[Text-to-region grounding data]
==========

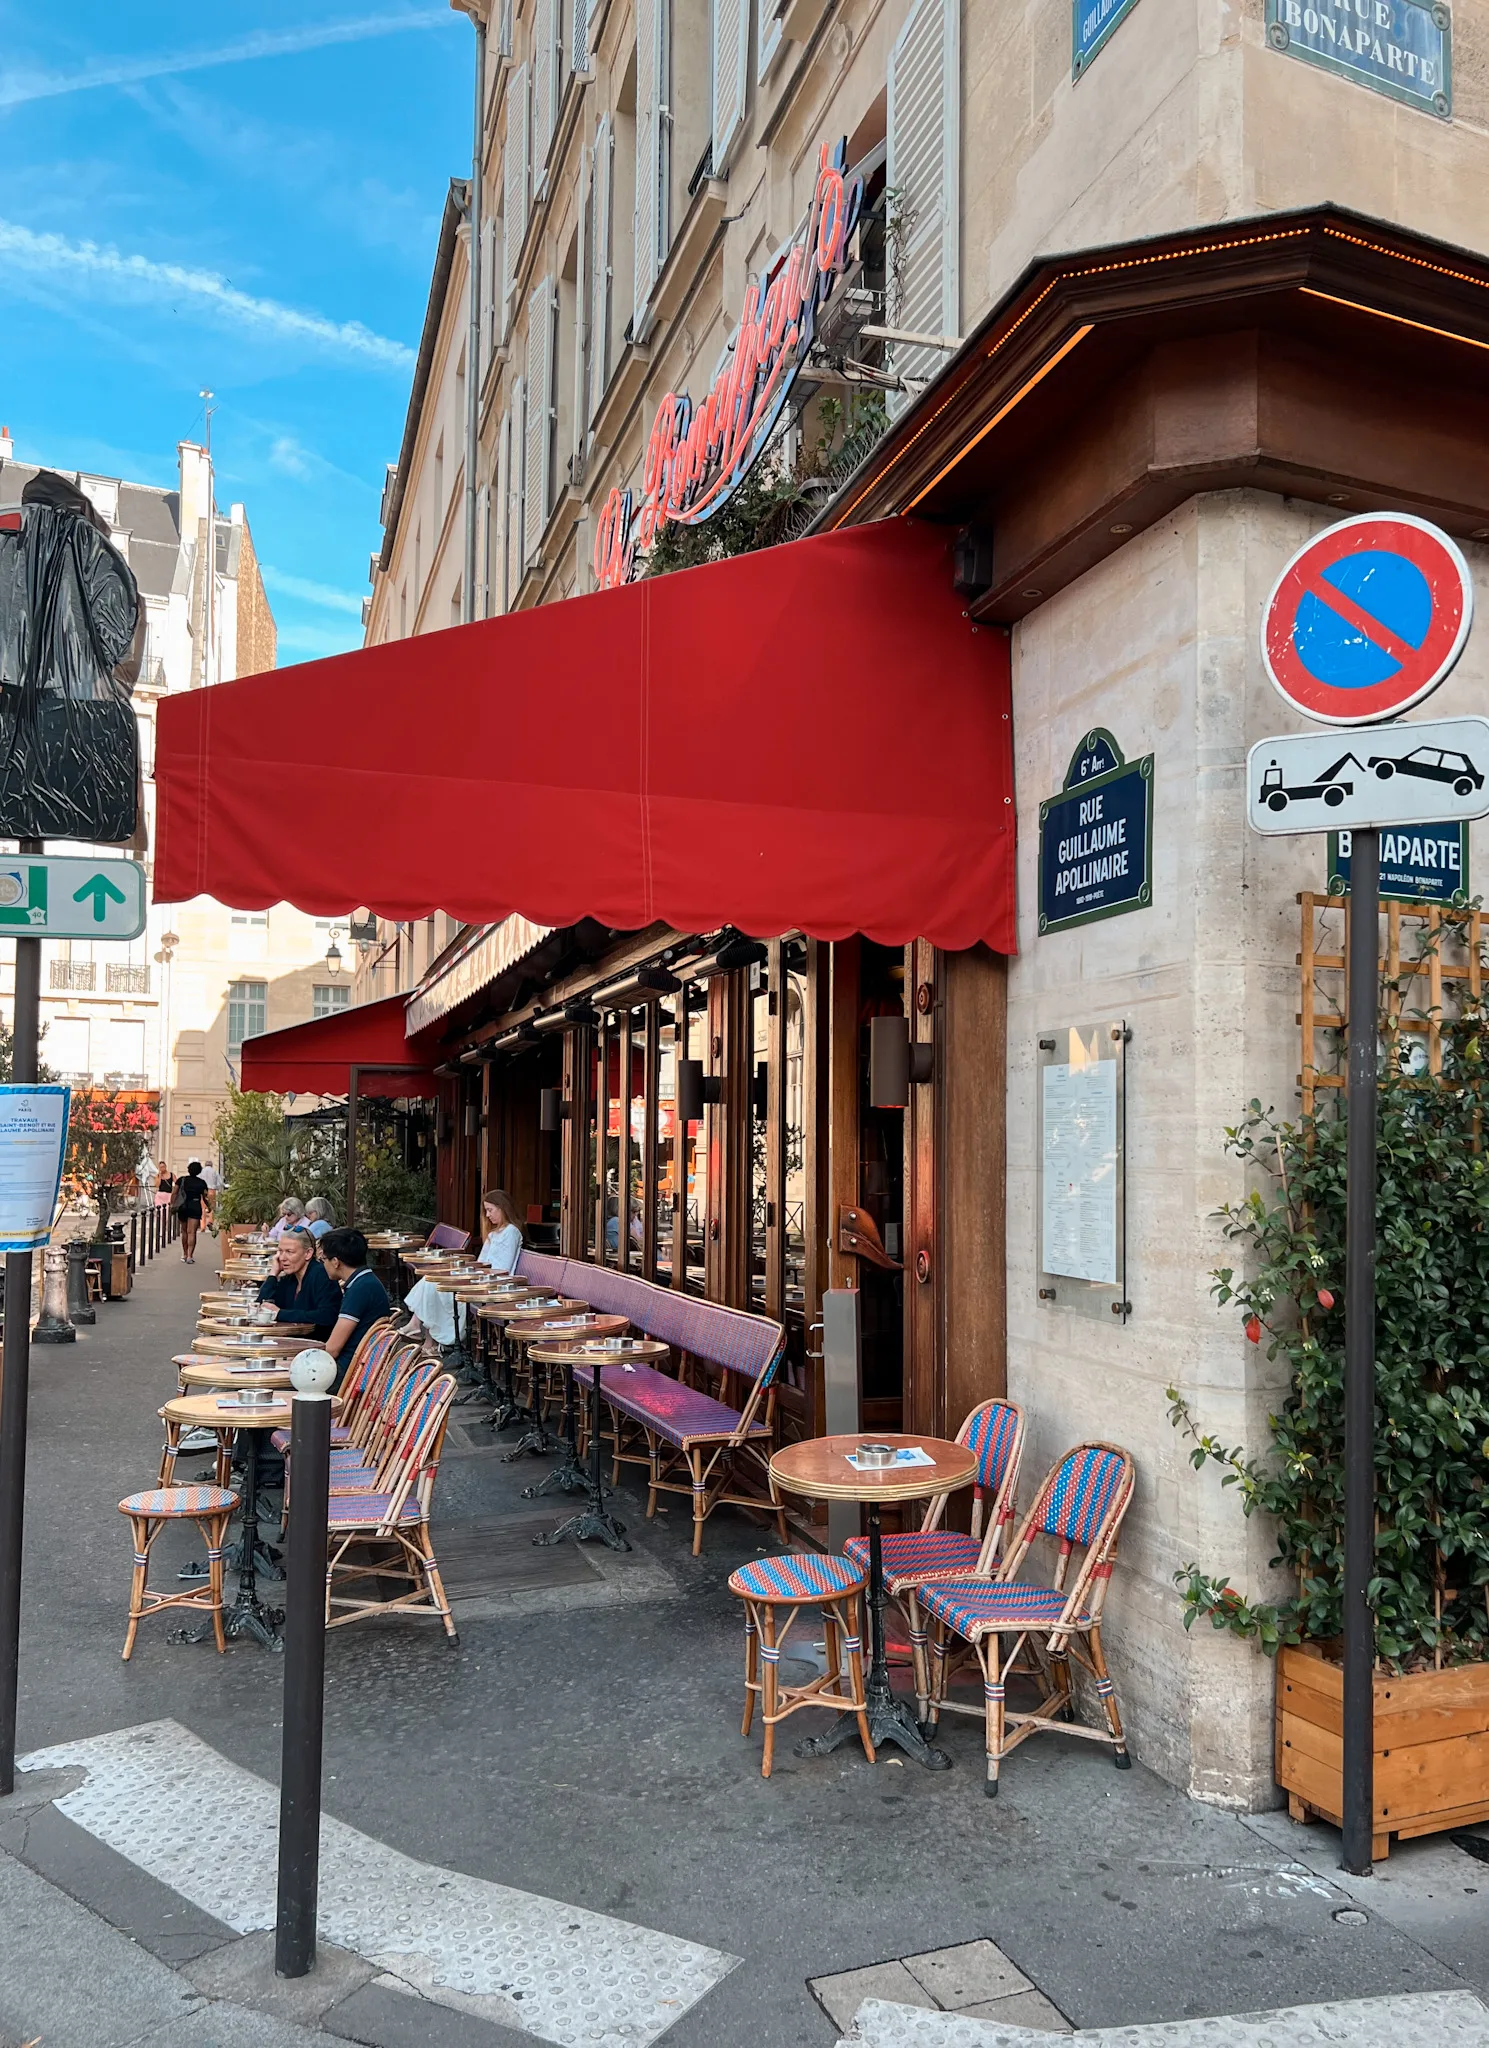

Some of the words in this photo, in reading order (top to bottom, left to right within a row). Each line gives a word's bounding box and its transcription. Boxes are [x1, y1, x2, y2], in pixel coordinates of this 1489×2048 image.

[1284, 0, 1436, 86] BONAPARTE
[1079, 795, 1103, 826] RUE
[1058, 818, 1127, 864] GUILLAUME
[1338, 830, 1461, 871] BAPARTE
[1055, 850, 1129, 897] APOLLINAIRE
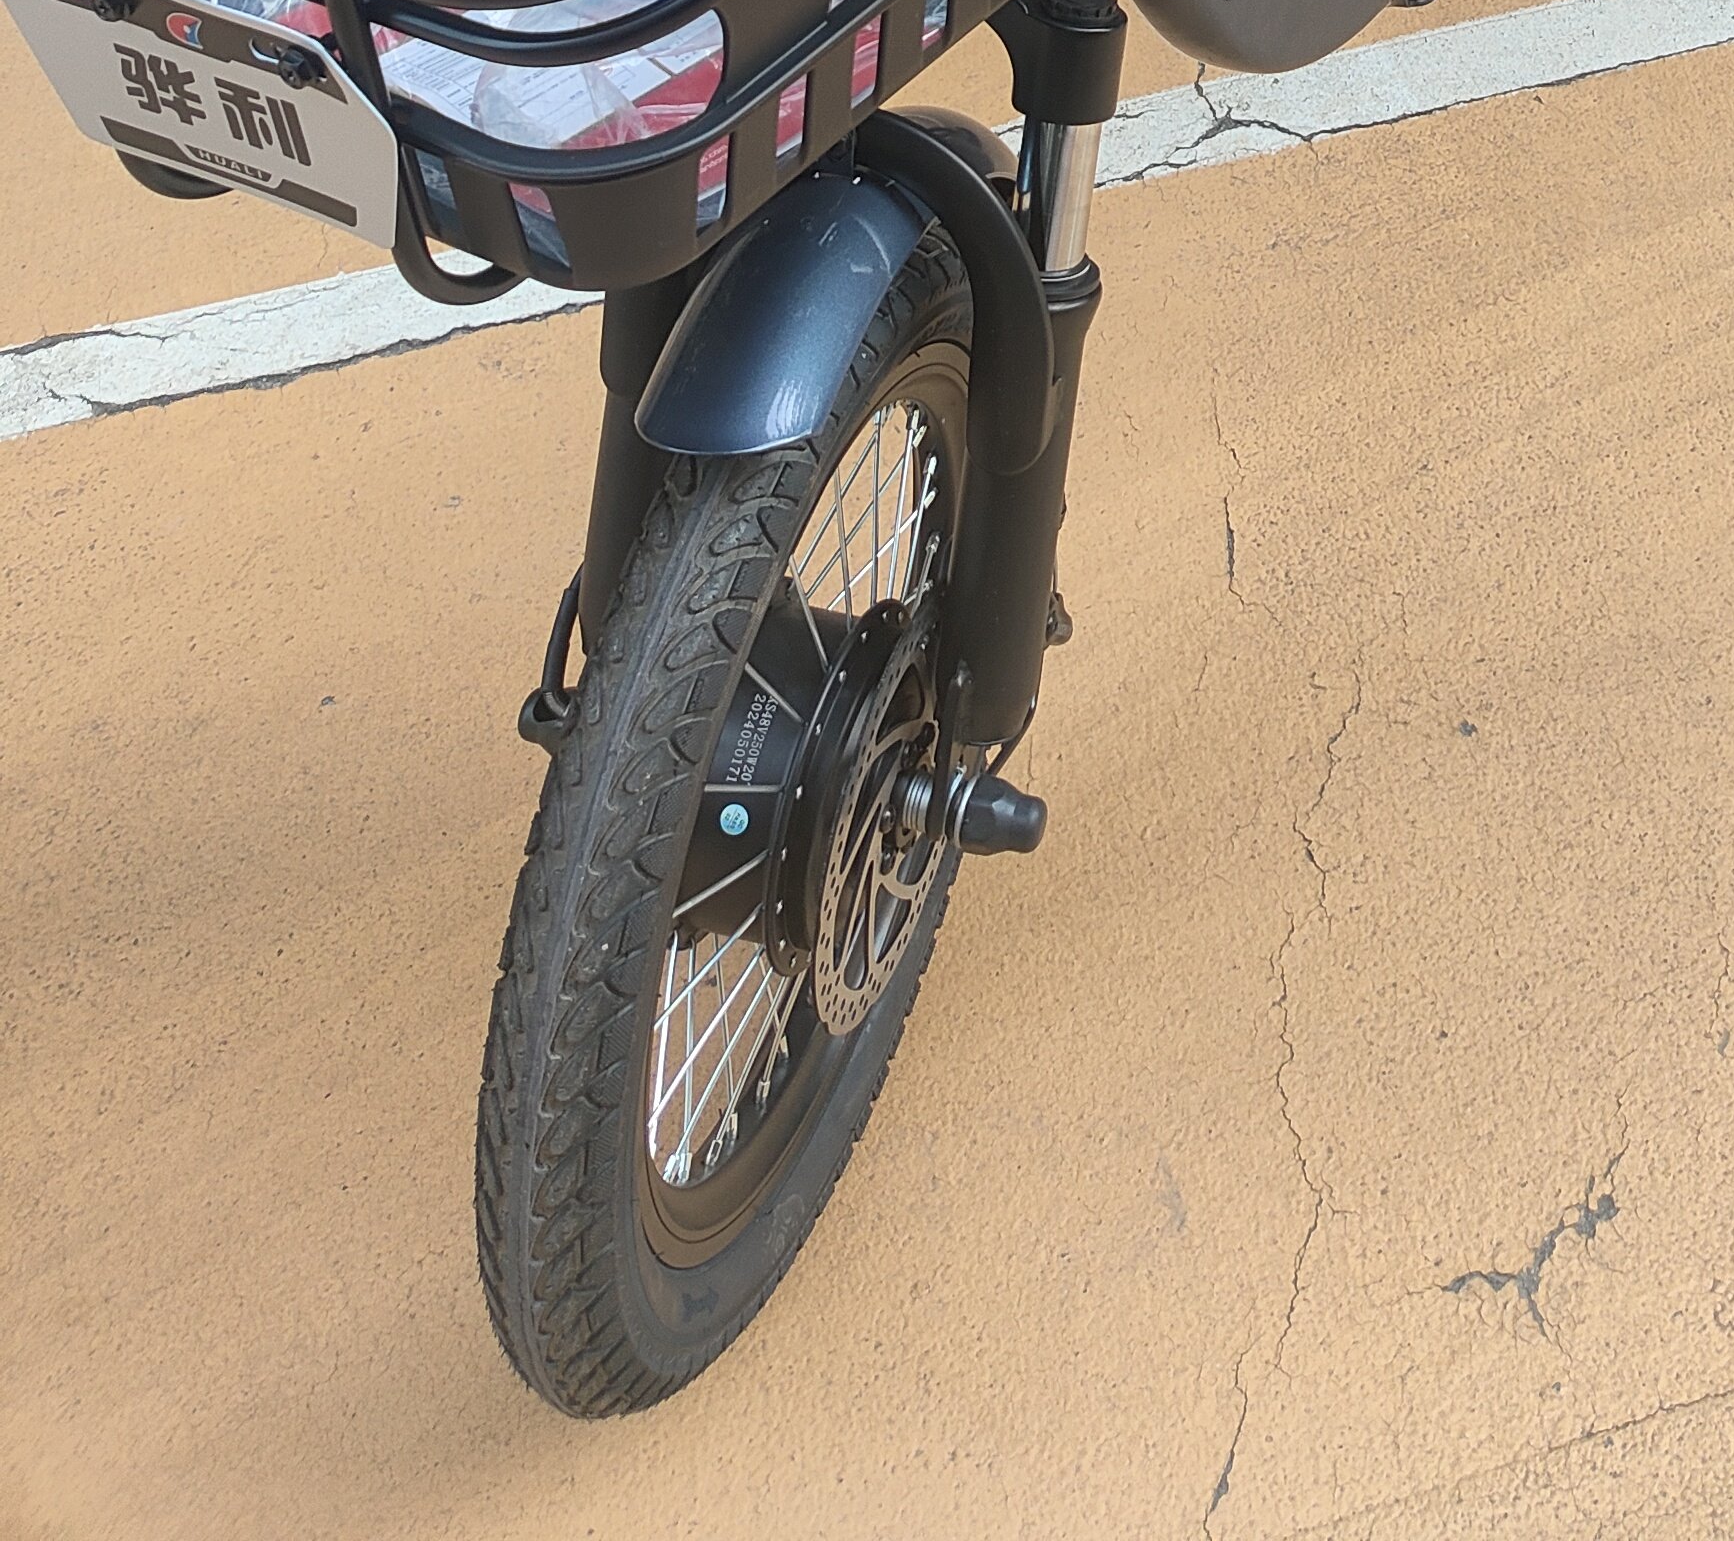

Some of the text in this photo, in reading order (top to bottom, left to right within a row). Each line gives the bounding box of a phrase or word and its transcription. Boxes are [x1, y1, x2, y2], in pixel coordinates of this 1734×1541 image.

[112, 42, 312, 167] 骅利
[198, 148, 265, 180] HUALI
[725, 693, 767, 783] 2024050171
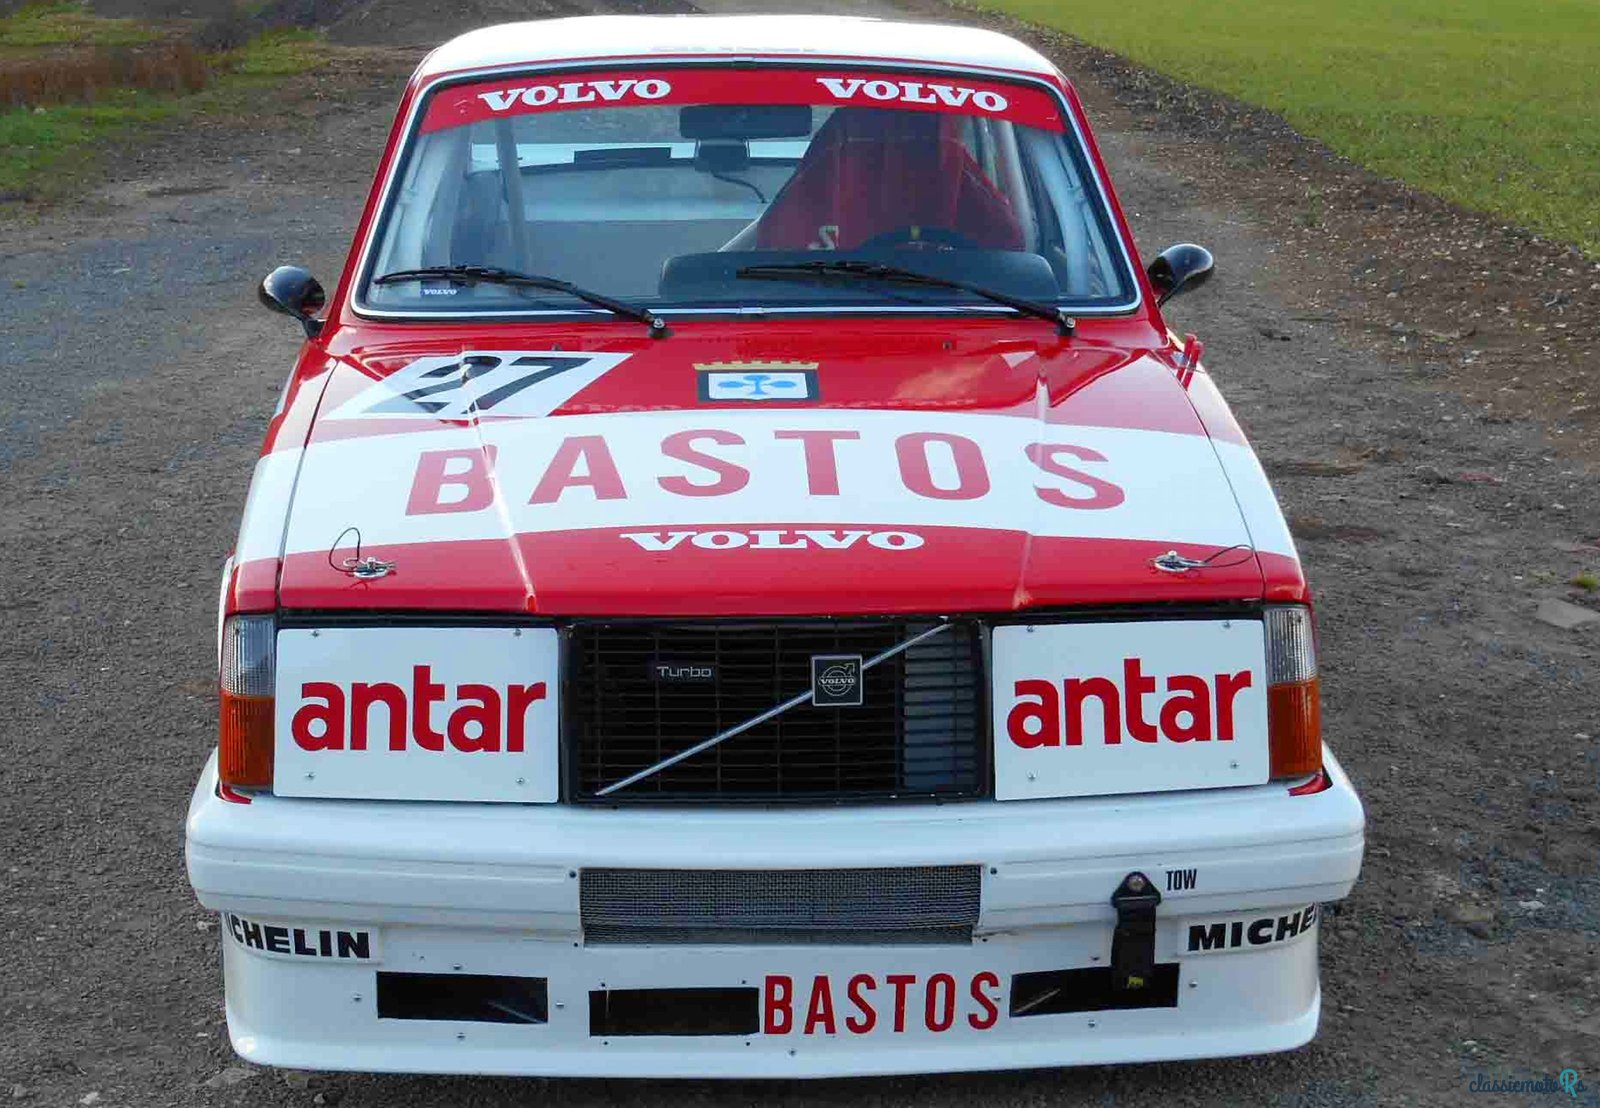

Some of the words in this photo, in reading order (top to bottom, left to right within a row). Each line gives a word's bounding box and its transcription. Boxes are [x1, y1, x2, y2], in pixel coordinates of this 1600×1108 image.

==========

» **TASK REQUIREMENTS**: Hand back the data above exactly, leaving out all pictures.

» **TASK SOLUTION**:
Some of the words in this photo, in reading order (top to bottom, left to right within a row). Each line gives a word's bounding box and its transcription. Boxes are [x1, y1, x2, y2], in pixel coordinates of this 1489×2048 image.

[1284, 0, 1436, 86] BONAPARTE
[1079, 795, 1103, 826] RUE
[1058, 818, 1127, 864] GUILLAUME
[1338, 830, 1461, 871] BAPARTE
[1055, 850, 1129, 897] APOLLINAIRE

Some of the text in this photo, in reading order (top to bottom, left to right within a row). Each line gives the bounding box of a phrase or word and its transcription. Boxes are [x1, y1, x2, y2], in pixel coordinates of this 1734×1541 image.

[112, 42, 312, 167] 骅利
[198, 148, 265, 180] HUALI
[725, 693, 767, 783] 2024050171

Some of the words in this photo, in reading order (top to bottom, left to right within a row). Each line gives a word's bounding box and its transcription. Boxes are [x1, y1, x2, y2], in pixel coordinates of this 1600×1108 image.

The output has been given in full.